Jeff Rich is a South Carolina-based photographer and educator who explores water-related issues via long-term documentary projects about specific regions of the United States. He earned his BA in film and video and MFA in photography from Savannah College of Art and Design in Georgia and serves as assistant professor of photography at Coastal Carolina University in Conway, South Carolina. Rich’s project Watershed: A Survey of The French Broad River Basin was awarded the 2010 Critical Mass Book Award and was published as a monograph in 2012. The second installment of the project, Watershed: The Tennessee River, was published in 2017. His work is housed in the collections of the Museum of Contemporary Photography, Chicago; the Asheville Art Museum, North Carolina; the High Museum of Art, Atlanta, Georgia; and The Do Good Fund, Columbus, Georgia.
Watershed takes as its subject the basins of the French Broad and Tennessee Rivers. These two waterways play important roles in the economic vitality, recreation, and quality of life of their regions, though they have also been beset by serious pollution problems. Both have been strongly impacted by industrial and governmental projects and Rich’s photographs document the effects of this history on the landscape and the people who inhabit it.
The French Broad River flows through western North Carolina into Tennessee. Traversing parts of the Appalachian Mountains, it is used for recreation while also fueling industry and power plants. Blue Ridge Paper Mill (2008), for example, presents the site of an important employer but also a major polluter in Canton, North Carolina. The plant dumps millions of gallons of waste water each day into the small Pigeon River, which flows into the nearby French Broad. Rich frames the industrial site—with its smokestacks and rolling exhaust—against a serene landscape of hills and a rising sun in the distance and trees and shrubs in the foreground.
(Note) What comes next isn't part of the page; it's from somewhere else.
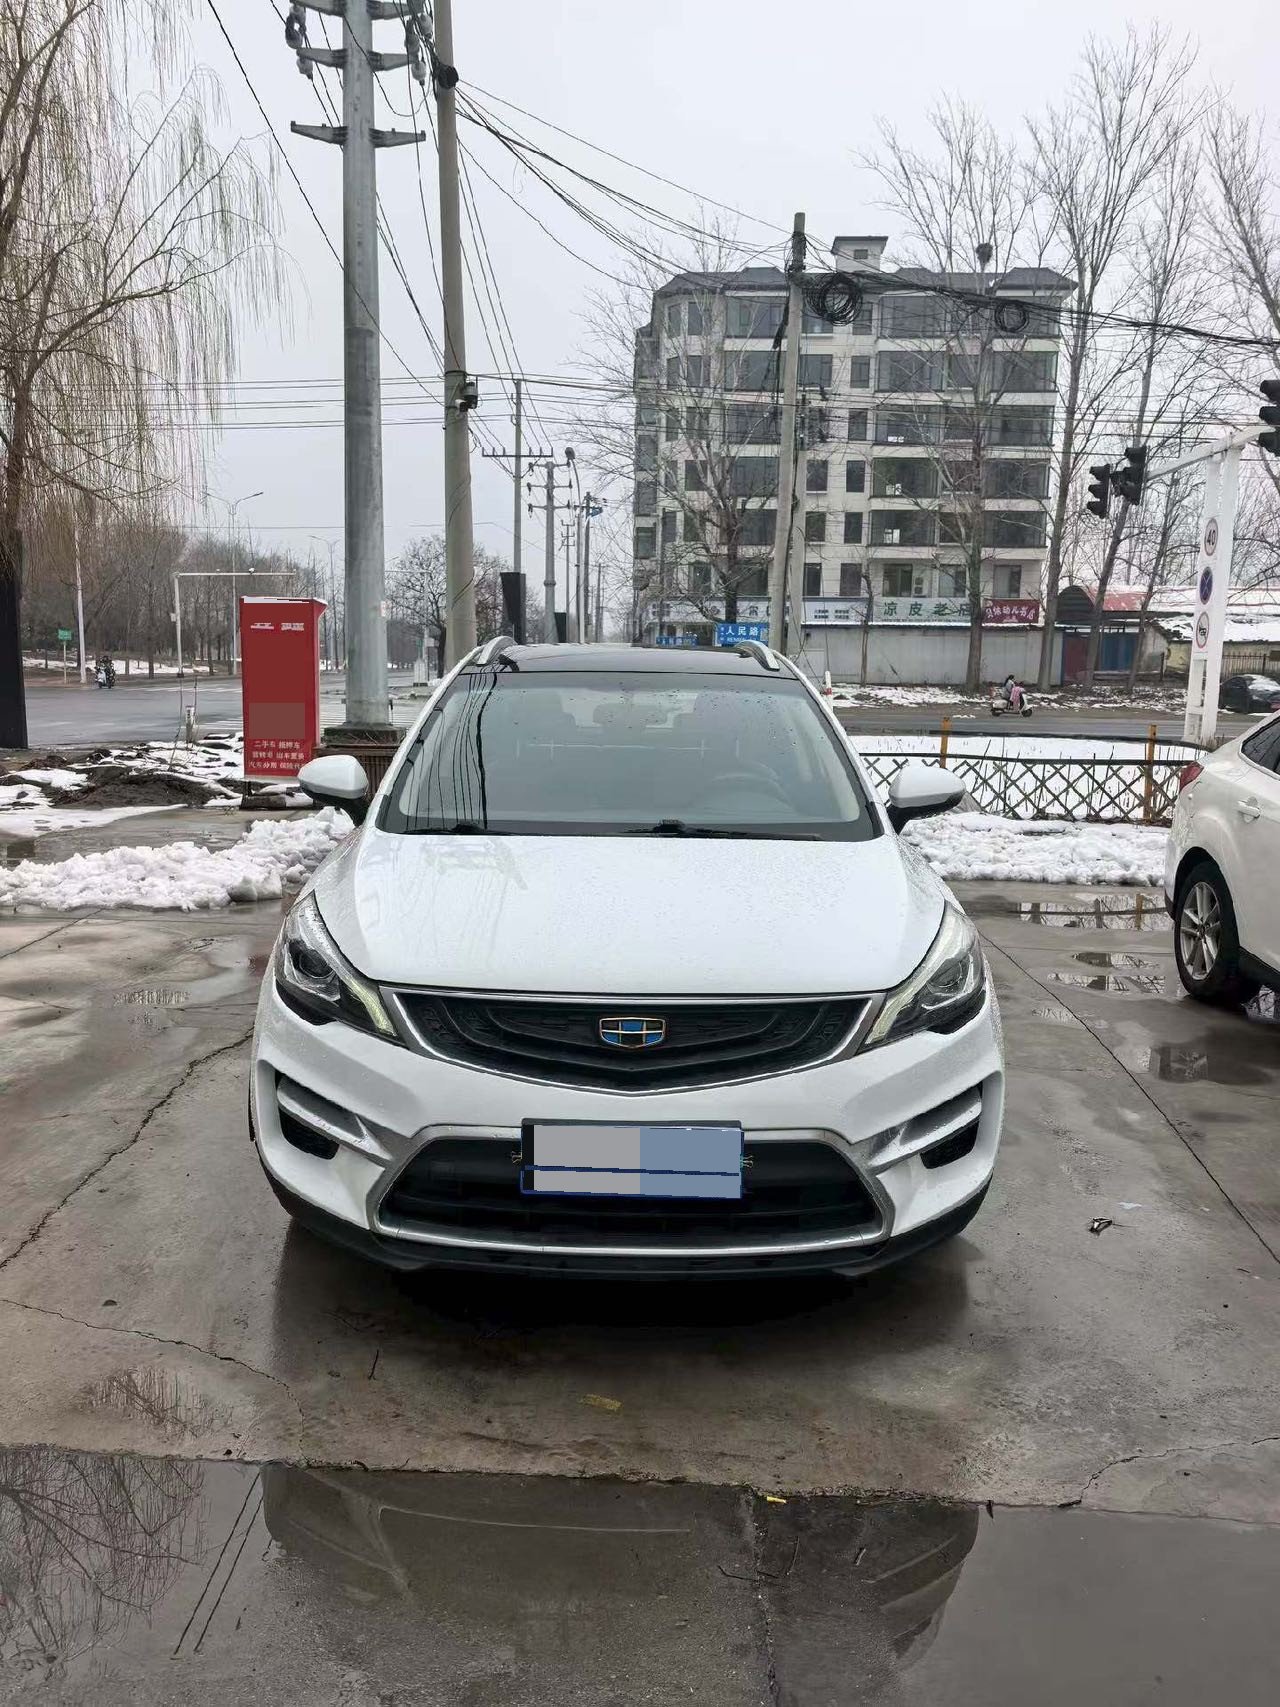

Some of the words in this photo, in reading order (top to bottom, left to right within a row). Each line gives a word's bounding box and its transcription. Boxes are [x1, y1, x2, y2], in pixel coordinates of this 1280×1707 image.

[1206, 529, 1216, 546] 40
[725, 625, 758, 636] 人民路
Rich consciously attempts to address water issues without overwhelming his viewers with overly negative images, and this photograph achieves a measured tone by showing the industrial site in eerie harmony with the beautiful nature around it.
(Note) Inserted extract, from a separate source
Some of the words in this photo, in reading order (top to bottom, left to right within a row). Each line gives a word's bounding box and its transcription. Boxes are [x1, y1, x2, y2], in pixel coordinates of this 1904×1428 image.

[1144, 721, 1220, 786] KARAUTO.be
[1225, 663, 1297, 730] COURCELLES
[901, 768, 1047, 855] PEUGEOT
The Tennessee River Basin is an area of rivers that cross seven southeastern states, including Tennessee, Alabama, Mississippi, and Kentucky. It has been shaped by the Tennessee Valley Authority (TVA), a federally owned corporation originally created by Congress during the Great Depression. During its eighty-five years of existence, the TVA has used the area’s rivers to produce energy in concert with coal-fired power plants and, more recently, natural gas and nuclear energy facilities. It provided modernization and jobs in economically struggling areas but also displaced citizens with the building of dams and flooding of land and was responsible for several environmental disasters. View of Condemned House and Kingston Coal Ash Spill (2009) shows some of the fallout from a 2008 event in which 1.1 billion gallons of wet coal ash was spilled across three hundred acres of land and into the tributaries of the Tennessee River—the worst disaster of its kind in the United States. It occurred at the TVA’s Kingston Fossil Plant when an ash dike ruptured. Rich’s photograph shows the impact of the spill on the land where areas of wet coal slurry have been fenced off; it also makes evident that, even before the spill, the land was dominated by the plant’s intrusive electrical towers and power lines.
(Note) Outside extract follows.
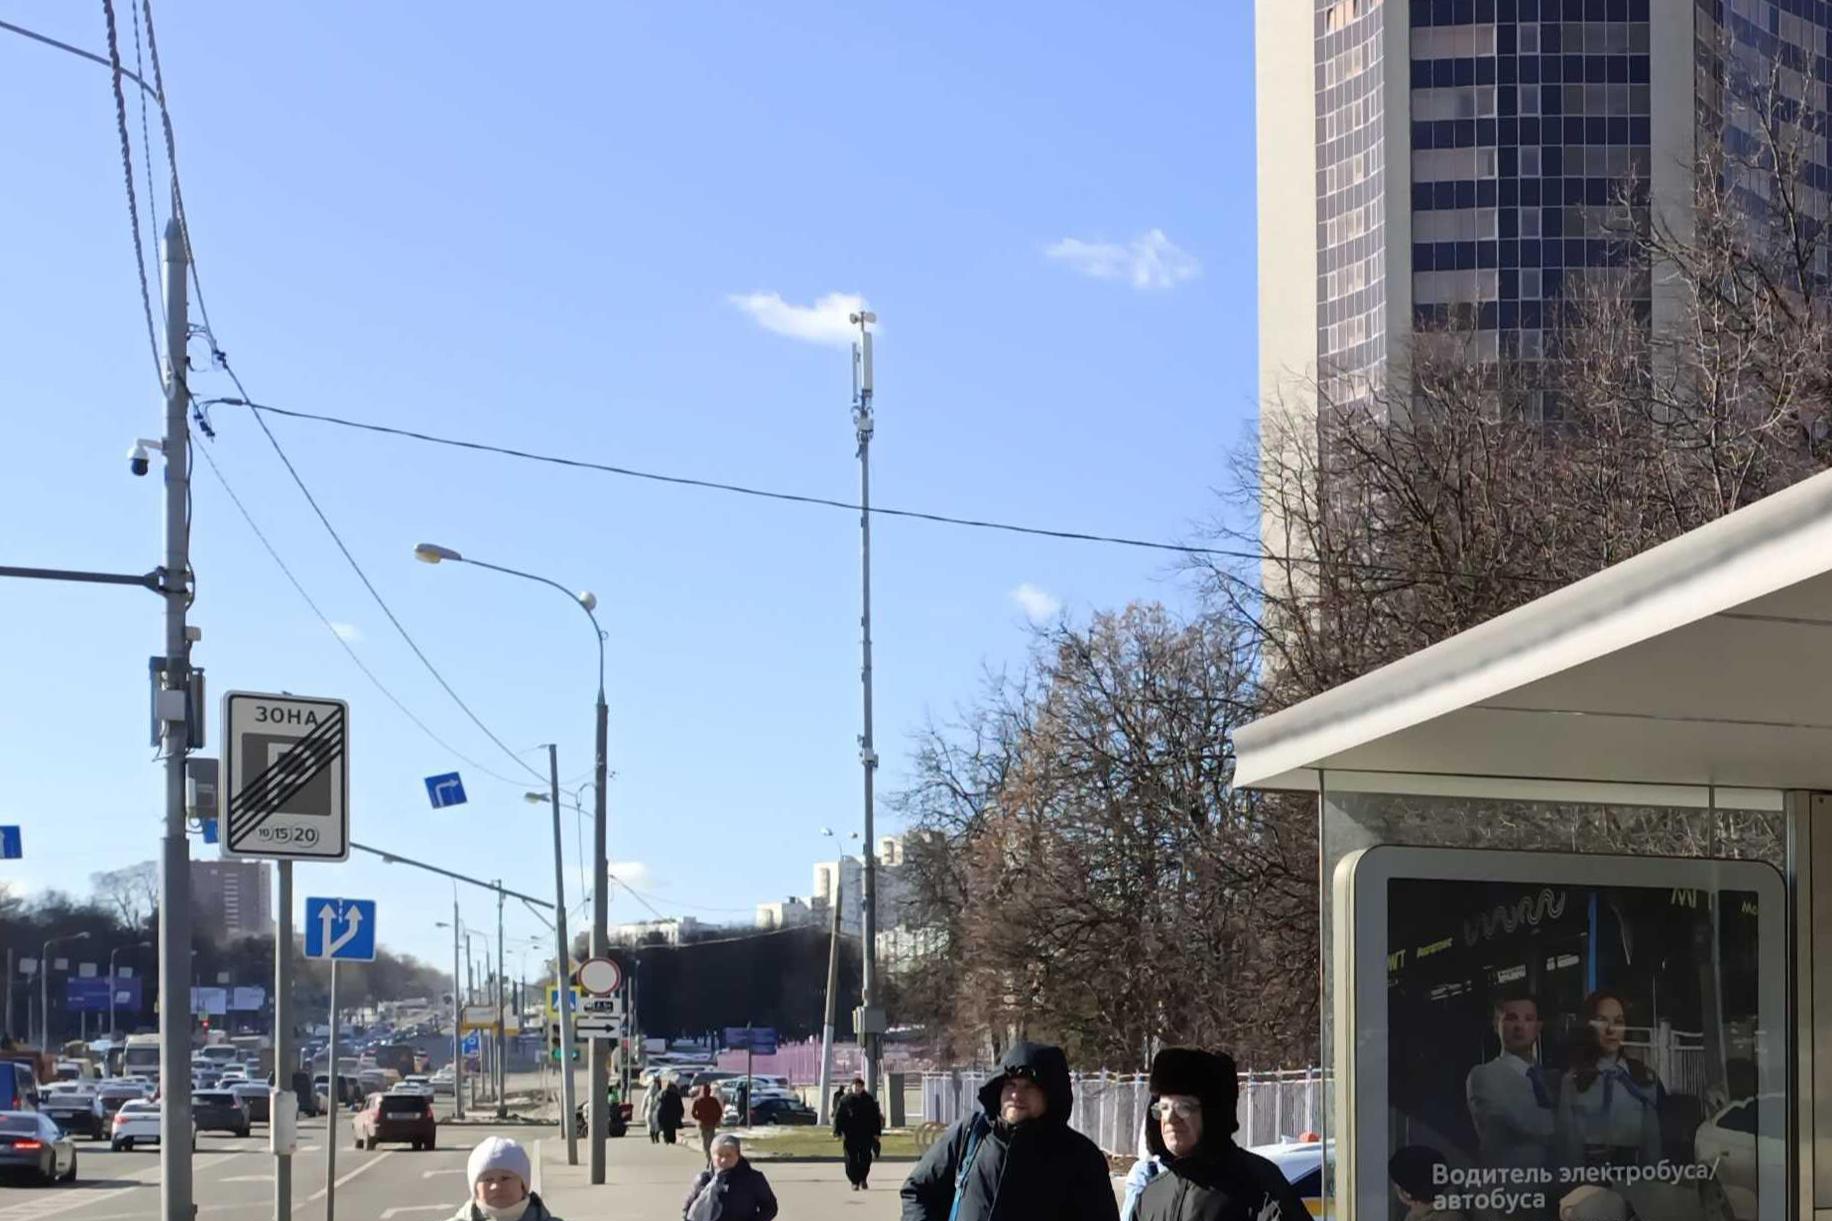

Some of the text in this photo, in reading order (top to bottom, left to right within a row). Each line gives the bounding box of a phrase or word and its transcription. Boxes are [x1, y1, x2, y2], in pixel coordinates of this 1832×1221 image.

[255, 706, 319, 726] ЗОНА
[259, 828, 316, 842] 10 15 20
[1432, 1157, 1720, 1188] Водитель электробуса/
[1433, 1188, 1546, 1214] автобуса
Rich’s photographs not only address the effects of industry on the land, but they also document the work of citizens to promote environmentalism and sustainability. Mary, Esther, and Ellis (2014), for example, shows three members of an organization that has been fighting to protect its community since the opening of a coal-ash landfill in small, primarily black Uniontown, Alabama. The Arrowhead Landfill contains four million tons of ash from the TVA’s Kingston plant. Since its arrival, community members report increased health problems and the deaths of local animals. In Rich’s image three women study papers around the formal dining table of an antebellum mansion. The racism of the past that is evoked by the antebellum architecture is transcended by the collaboration of these women. Together they fight a David versus Goliath battle against the TVA to save their community. Rich’s photographs offer such positive moments of hope, along with an appreciation for the beauty and value of the waterways, while also grappling with the enormity of the environmental problems they face.